▸ **The task**:
The copy must match the data below line for line and contain no images.

▸ **Data to examine**:
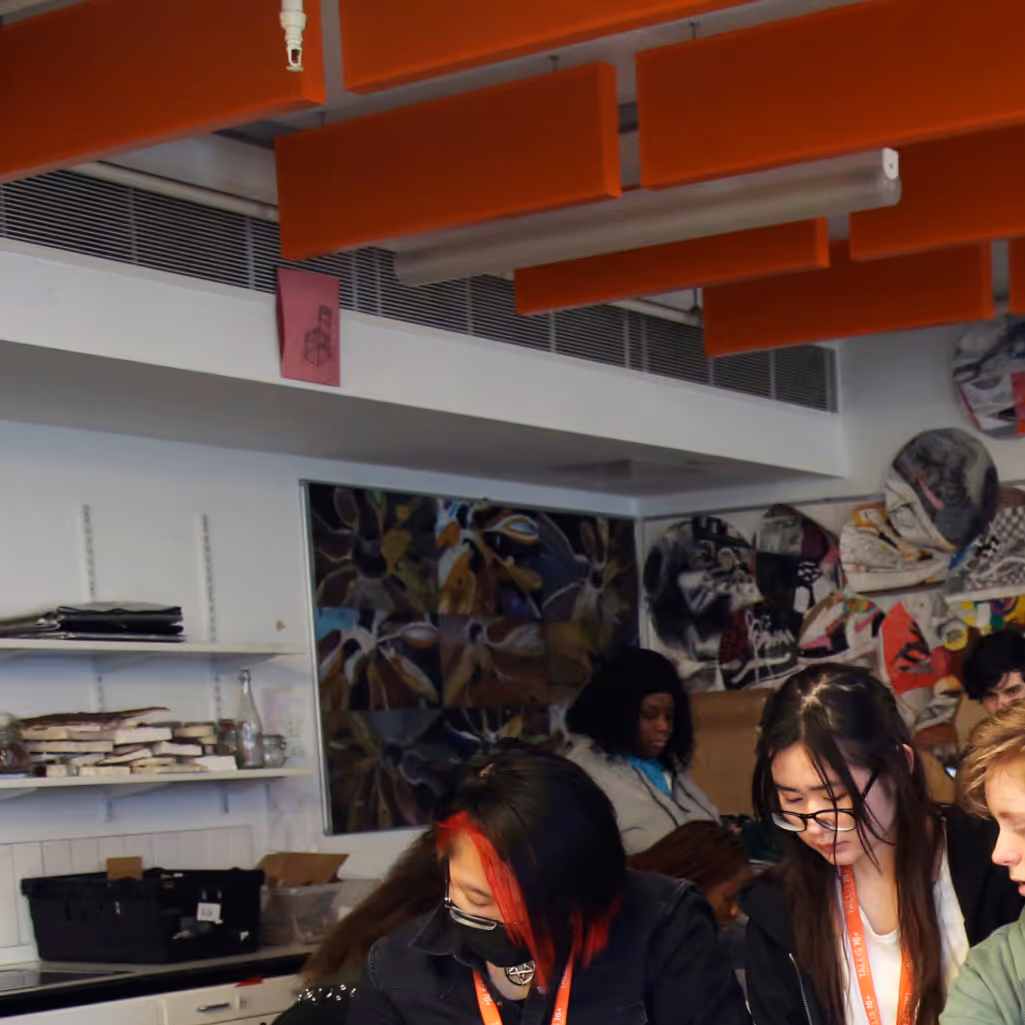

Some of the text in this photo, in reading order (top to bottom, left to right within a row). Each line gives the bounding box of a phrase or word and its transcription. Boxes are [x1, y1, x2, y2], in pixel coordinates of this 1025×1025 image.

[851, 932, 864, 979] TALLIS 16+
[865, 995, 874, 1010] 16+
[553, 1007, 562, 1022] 16+
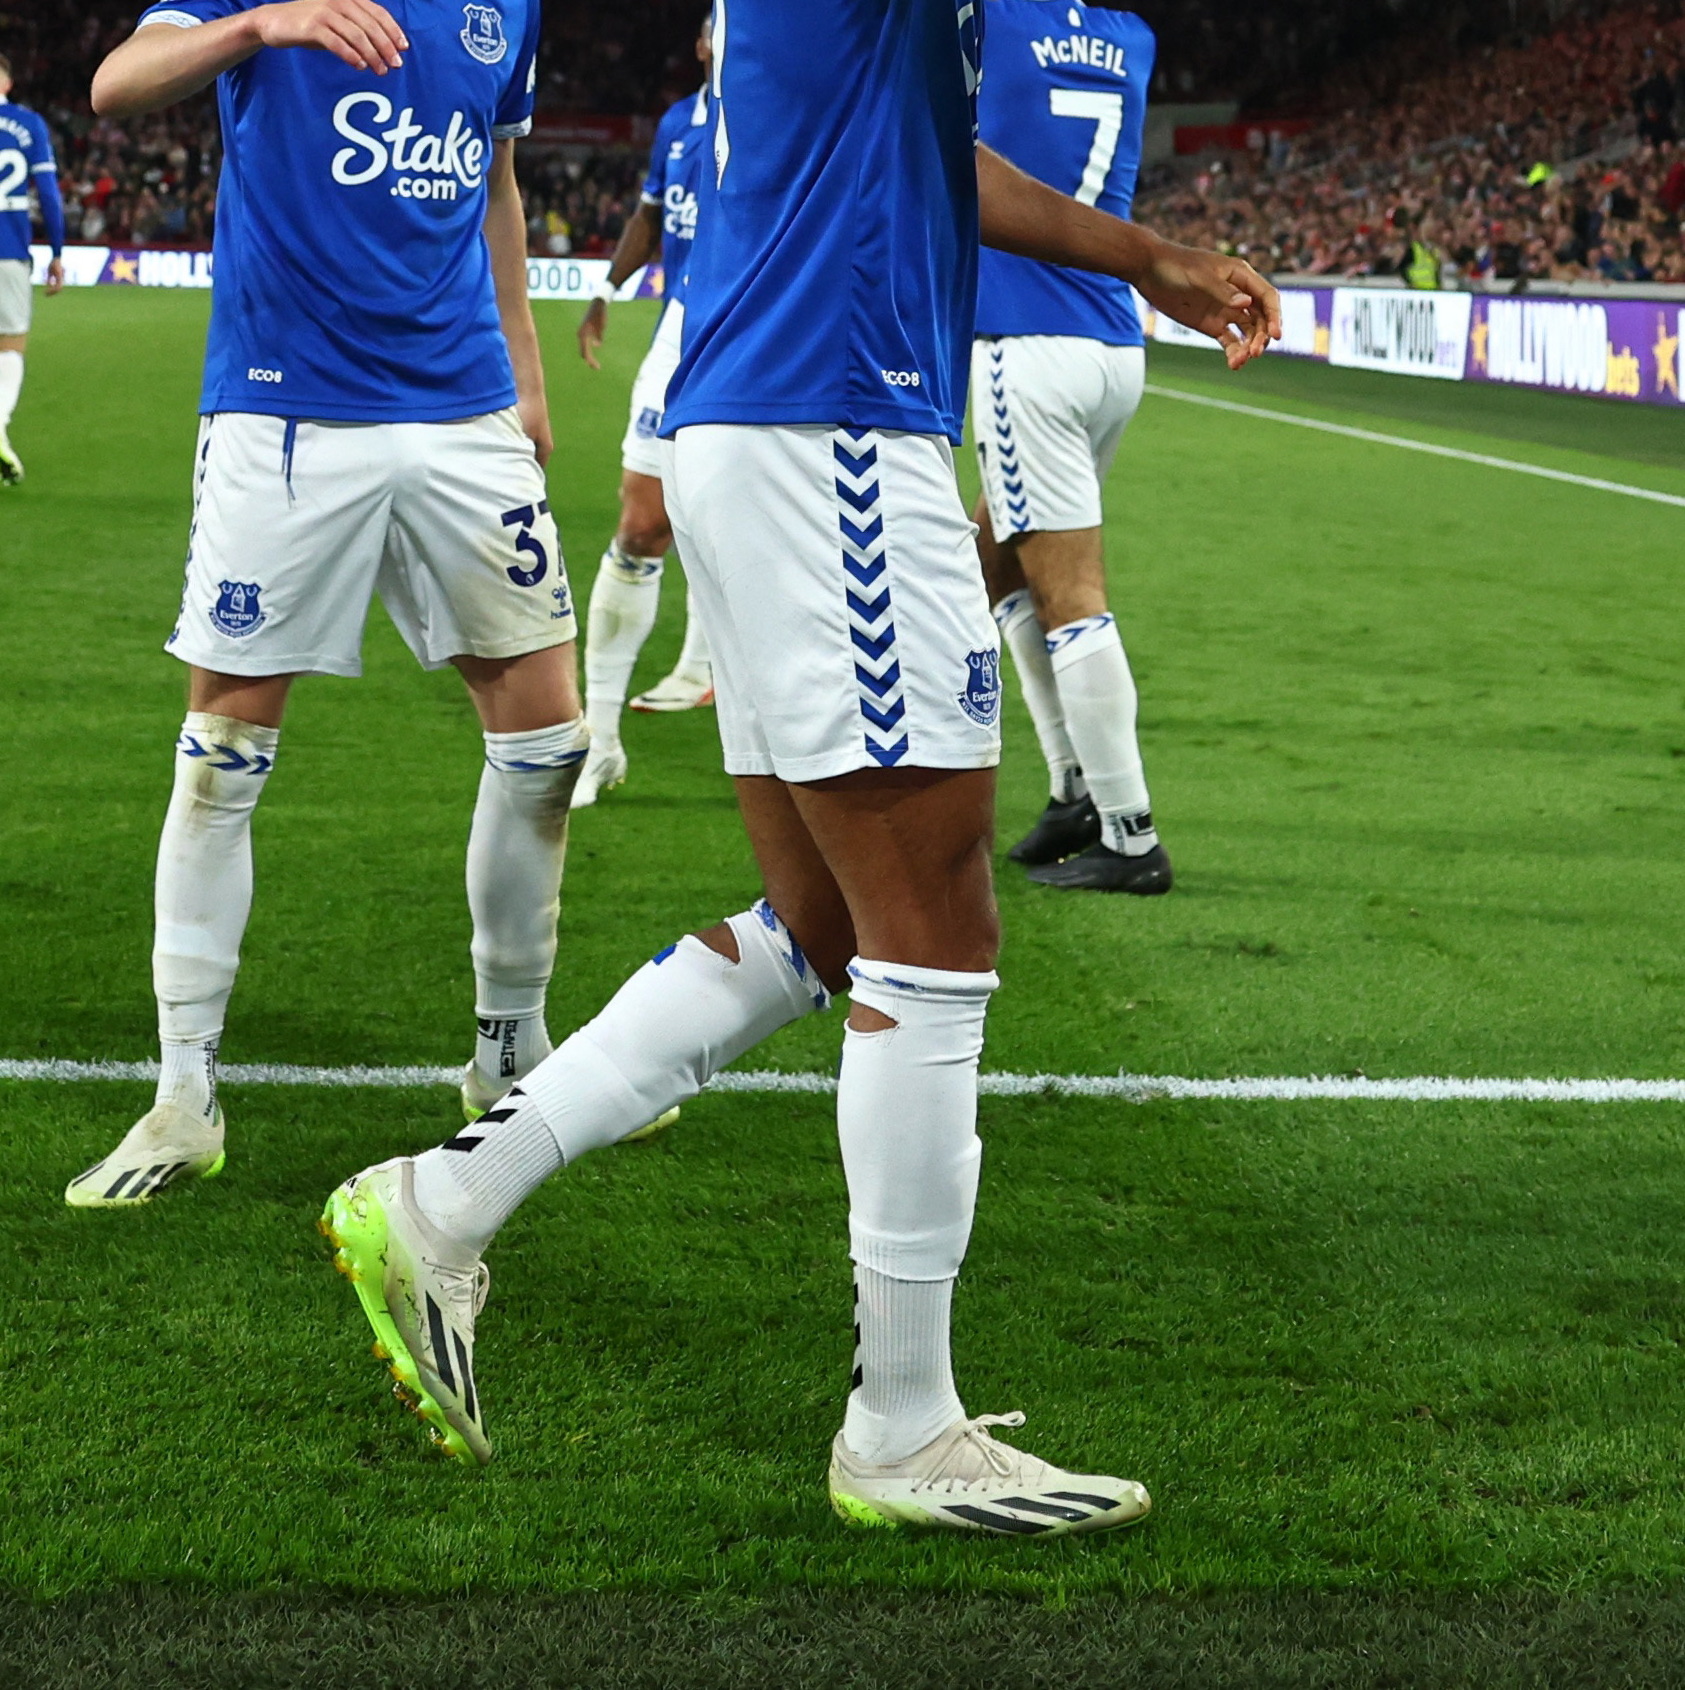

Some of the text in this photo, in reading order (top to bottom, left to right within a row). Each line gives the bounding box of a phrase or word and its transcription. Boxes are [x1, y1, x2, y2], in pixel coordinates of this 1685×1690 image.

[1030, 35, 1127, 77] McNEIL
[331, 91, 483, 188] Stake
[1049, 88, 1123, 207] 7
[390, 177, 457, 200] .com
[1487, 300, 1640, 397] HOLLYWOOD bets
[219, 609, 254, 621] Everton

▸ **Task solution**:
Some of the text in this photo, in reading order (top to bottom, left to right within a row). Each line gives the bounding box of a phrase or word and its transcription. Boxes are [x1, y1, x2, y2], in pixel coordinates of this 1025×1025 image.

[851, 932, 864, 979] TALLIS 16+
[865, 995, 874, 1010] 16+
[553, 1007, 562, 1022] 16+

Some of the text in this photo, in reading order (top to bottom, left to right within a row). Each line gives the bounding box of a phrase or word and its transcription. Boxes are [x1, y1, x2, y2], in pixel coordinates of this 1685×1690 image.

[1030, 35, 1127, 77] McNEIL
[331, 91, 483, 188] Stake
[1049, 88, 1123, 207] 7
[390, 177, 457, 200] .com
[1487, 300, 1640, 397] HOLLYWOOD bets
[219, 609, 254, 621] Everton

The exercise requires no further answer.